Task statement:
Skip the images and repeat every entry word for word.

The data:
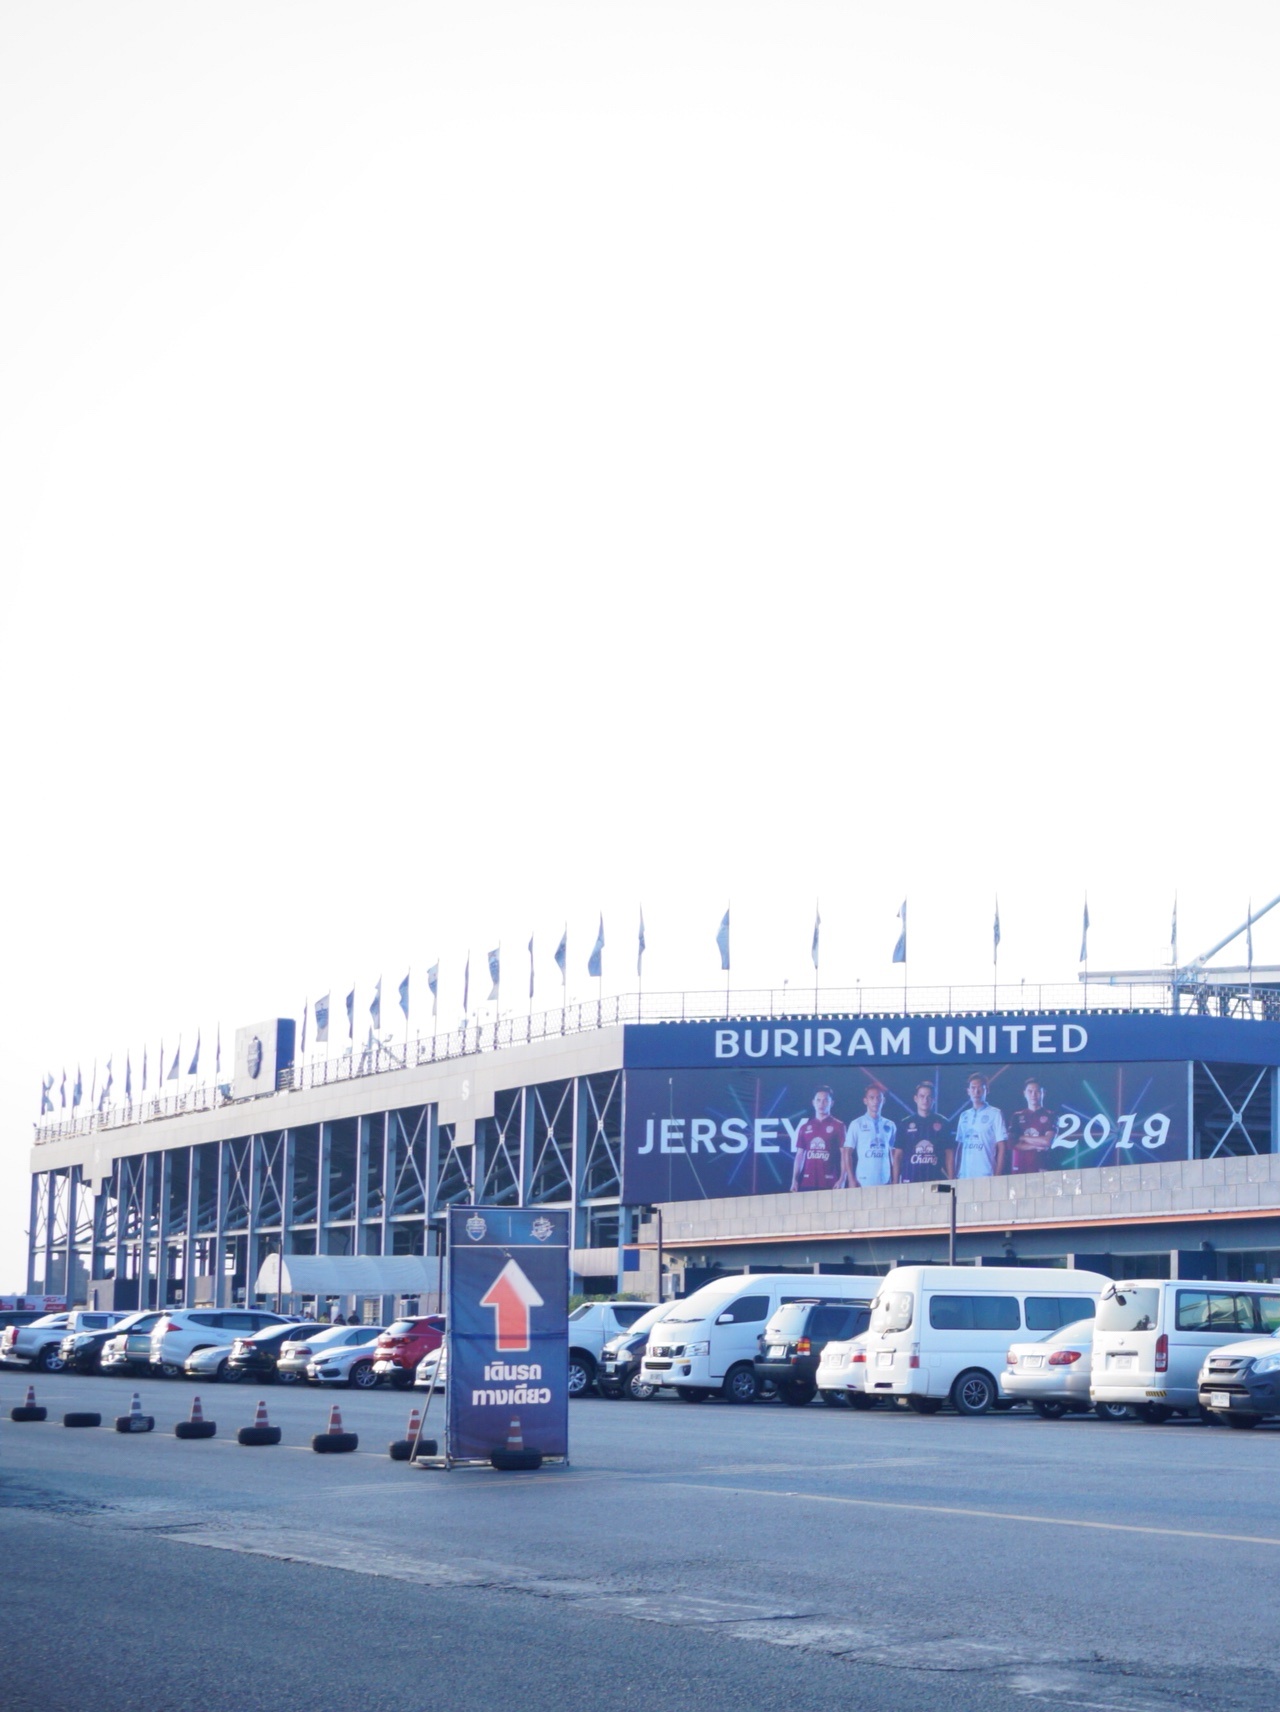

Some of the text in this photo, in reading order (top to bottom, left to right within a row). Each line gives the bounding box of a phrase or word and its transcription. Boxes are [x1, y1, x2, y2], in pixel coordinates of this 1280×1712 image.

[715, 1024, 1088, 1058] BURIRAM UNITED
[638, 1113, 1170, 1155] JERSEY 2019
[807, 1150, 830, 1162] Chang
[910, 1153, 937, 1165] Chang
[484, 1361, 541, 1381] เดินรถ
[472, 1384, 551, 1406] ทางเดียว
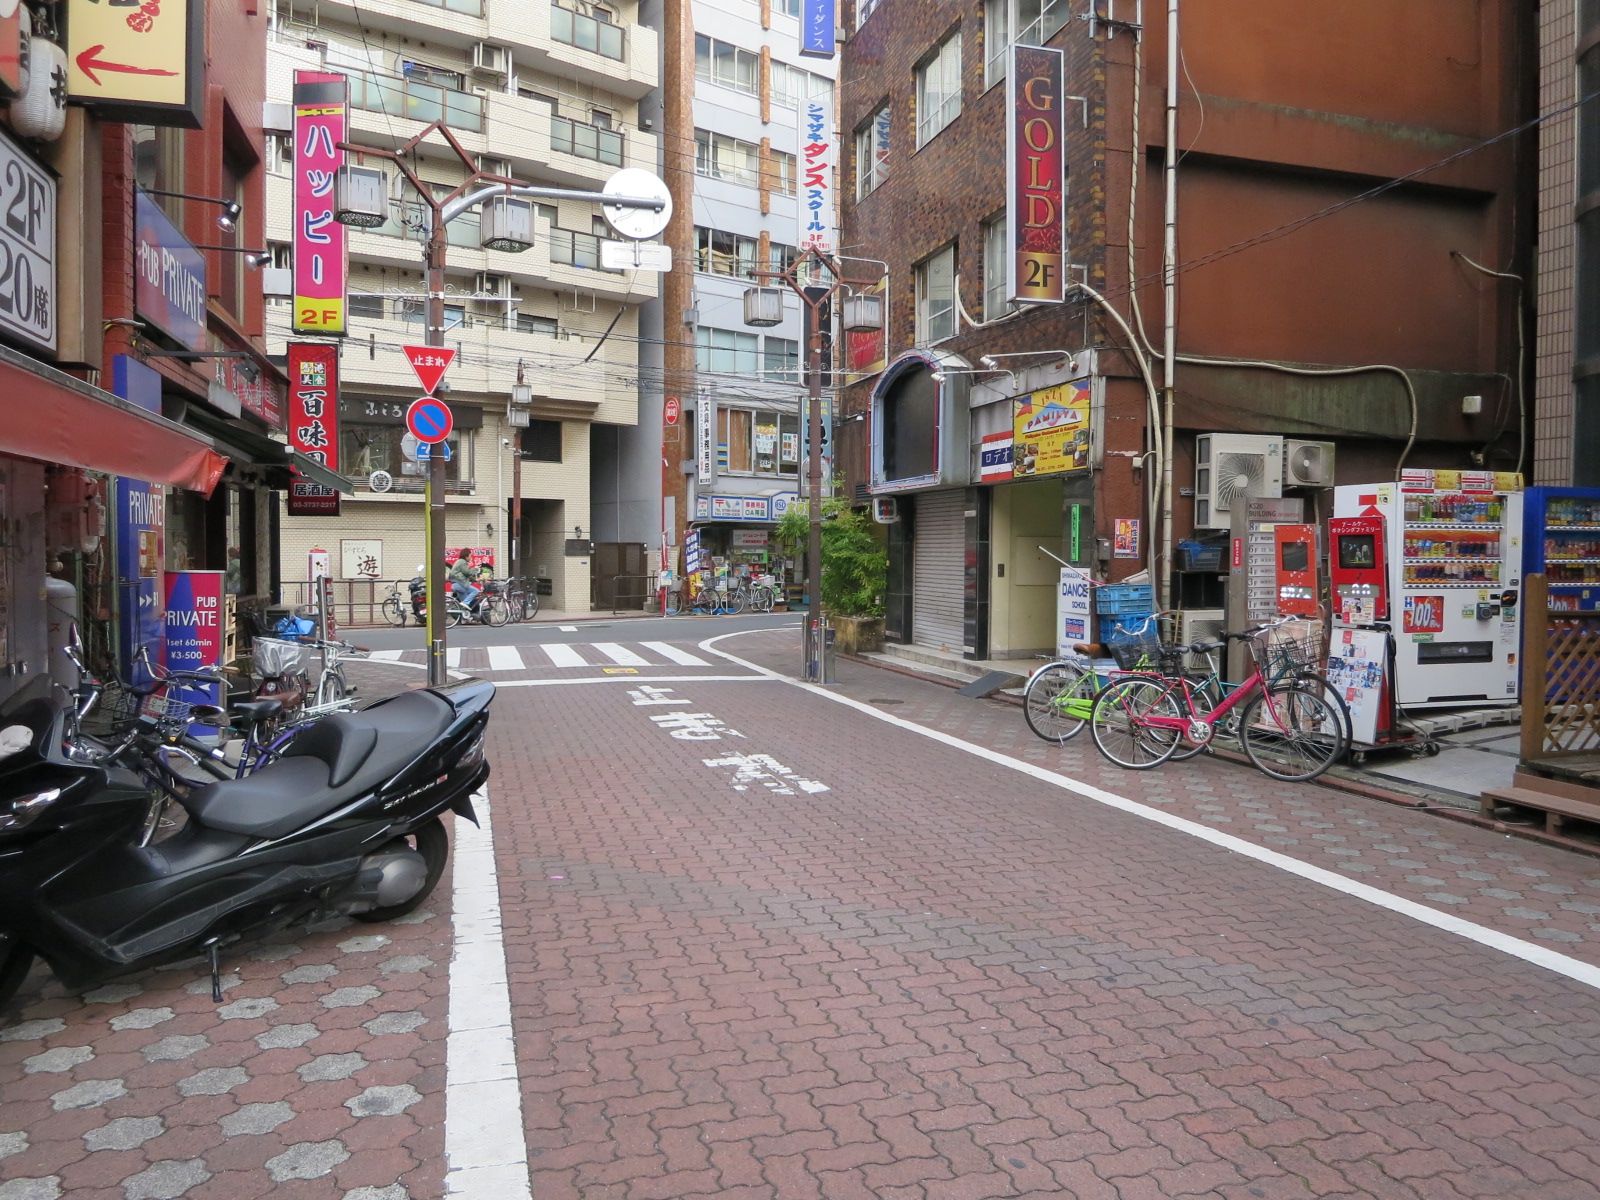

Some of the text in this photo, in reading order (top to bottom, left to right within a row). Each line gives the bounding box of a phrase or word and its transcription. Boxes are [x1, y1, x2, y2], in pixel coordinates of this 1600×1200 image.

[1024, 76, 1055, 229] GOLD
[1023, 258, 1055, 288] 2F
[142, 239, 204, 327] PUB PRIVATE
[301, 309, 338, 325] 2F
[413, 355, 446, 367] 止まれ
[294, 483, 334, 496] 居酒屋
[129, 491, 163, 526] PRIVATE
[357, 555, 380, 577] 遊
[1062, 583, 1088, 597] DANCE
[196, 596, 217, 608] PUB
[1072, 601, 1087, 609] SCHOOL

Answer box:
Some of the text in this photo, in reading order (top to bottom, left to right within a row). Each line gives the bounding box of a phrase or word and its transcription. Boxes are [x1, y1, x2, y2], in pixel coordinates of this 1280×1712 image.

[715, 1024, 1088, 1058] BURIRAM UNITED
[638, 1113, 1170, 1155] JERSEY 2019
[807, 1150, 830, 1162] Chang
[910, 1153, 937, 1165] Chang
[484, 1361, 541, 1381] เดินรถ
[472, 1384, 551, 1406] ทางเดียว

Some of the text in this photo, in reading order (top to bottom, left to right within a row). Each line gives the bounding box of a phrase or word and its transcription. Boxes are [x1, y1, x2, y2], in pixel coordinates of this 1600×1200 image.

[1024, 76, 1055, 229] GOLD
[1023, 258, 1055, 288] 2F
[142, 239, 204, 327] PUB PRIVATE
[301, 309, 338, 325] 2F
[413, 355, 446, 367] 止まれ
[294, 483, 334, 496] 居酒屋
[129, 491, 163, 526] PRIVATE
[357, 555, 380, 577] 遊
[1062, 583, 1088, 597] DANCE
[196, 596, 217, 608] PUB
[1072, 601, 1087, 609] SCHOOL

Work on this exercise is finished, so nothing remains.